ACTION ITEM: Exactly copy the final stretch of the listing below: the line with "this 1288×966 image." and every line after it.

RECORD EXTRACTS:
Segment Open
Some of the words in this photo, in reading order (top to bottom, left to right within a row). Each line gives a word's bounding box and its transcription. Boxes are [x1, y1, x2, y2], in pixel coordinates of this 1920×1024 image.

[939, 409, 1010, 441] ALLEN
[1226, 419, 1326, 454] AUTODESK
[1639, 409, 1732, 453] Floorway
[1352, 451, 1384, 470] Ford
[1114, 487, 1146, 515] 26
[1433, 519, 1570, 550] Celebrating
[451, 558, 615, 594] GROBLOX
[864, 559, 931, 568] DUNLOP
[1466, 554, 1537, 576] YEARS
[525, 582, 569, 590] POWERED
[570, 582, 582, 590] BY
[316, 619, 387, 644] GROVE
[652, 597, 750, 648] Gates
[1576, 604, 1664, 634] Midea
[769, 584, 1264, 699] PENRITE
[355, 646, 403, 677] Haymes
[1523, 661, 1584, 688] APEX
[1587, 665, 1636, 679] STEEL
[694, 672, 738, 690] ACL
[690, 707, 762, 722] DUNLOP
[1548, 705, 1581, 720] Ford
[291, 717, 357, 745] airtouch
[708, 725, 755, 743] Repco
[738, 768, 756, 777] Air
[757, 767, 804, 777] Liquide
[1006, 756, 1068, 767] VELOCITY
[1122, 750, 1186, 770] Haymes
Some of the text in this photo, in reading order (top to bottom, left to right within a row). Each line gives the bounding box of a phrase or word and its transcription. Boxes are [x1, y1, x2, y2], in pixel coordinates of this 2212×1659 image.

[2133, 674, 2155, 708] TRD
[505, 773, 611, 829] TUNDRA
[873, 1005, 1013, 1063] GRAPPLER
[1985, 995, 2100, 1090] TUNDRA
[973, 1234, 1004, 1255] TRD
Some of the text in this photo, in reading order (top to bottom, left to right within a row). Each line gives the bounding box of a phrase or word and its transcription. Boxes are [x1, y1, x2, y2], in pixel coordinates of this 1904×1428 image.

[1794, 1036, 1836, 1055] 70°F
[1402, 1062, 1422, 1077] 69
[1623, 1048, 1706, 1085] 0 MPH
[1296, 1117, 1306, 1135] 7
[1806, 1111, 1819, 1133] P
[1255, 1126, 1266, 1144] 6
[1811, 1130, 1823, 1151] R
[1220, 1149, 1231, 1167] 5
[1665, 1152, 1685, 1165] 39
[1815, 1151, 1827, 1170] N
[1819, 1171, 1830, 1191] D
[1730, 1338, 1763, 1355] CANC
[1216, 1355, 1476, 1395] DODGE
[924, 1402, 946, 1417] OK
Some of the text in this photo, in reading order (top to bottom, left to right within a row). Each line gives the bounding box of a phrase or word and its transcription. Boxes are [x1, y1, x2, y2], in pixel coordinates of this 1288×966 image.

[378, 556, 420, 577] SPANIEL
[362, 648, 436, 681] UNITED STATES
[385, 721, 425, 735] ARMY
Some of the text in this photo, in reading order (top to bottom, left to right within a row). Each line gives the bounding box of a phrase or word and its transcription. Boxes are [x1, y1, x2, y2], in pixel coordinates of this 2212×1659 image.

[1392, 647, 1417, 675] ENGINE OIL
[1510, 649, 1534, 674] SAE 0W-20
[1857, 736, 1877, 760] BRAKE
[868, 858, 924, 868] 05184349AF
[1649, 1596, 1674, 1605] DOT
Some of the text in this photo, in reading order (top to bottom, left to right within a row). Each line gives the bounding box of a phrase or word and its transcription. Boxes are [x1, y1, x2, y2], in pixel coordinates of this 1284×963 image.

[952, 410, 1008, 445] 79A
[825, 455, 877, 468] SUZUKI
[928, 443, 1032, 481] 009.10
Segment Closed
PROBLEM SOLUTION:
Some of the text in this photo, in reading order (top to bottom, left to right within a row). Each line gives the bounding box of a phrase or word and its transcription. Boxes are [x1, y1, x2, y2], in pixel coordinates of this 1288×966 image.

[378, 556, 420, 577] SPANIEL
[362, 648, 436, 681] UNITED STATES
[385, 721, 425, 735] ARMY
Some of the text in this photo, in reading order (top to bottom, left to right within a row). Each line gives the bounding box of a phrase or word and its transcription. Boxes are [x1, y1, x2, y2], in pixel coordinates of this 2212×1659 image.

[1392, 647, 1417, 675] ENGINE OIL
[1510, 649, 1534, 674] SAE 0W-20
[1857, 736, 1877, 760] BRAKE
[868, 858, 924, 868] 05184349AF
[1649, 1596, 1674, 1605] DOT
Some of the text in this photo, in reading order (top to bottom, left to right within a row). Each line gives the bounding box of a phrase or word and its transcription. Boxes are [x1, y1, x2, y2], in pixel coordinates of this 1284×963 image.

[952, 410, 1008, 445] 79A
[825, 455, 877, 468] SUZUKI
[928, 443, 1032, 481] 009.10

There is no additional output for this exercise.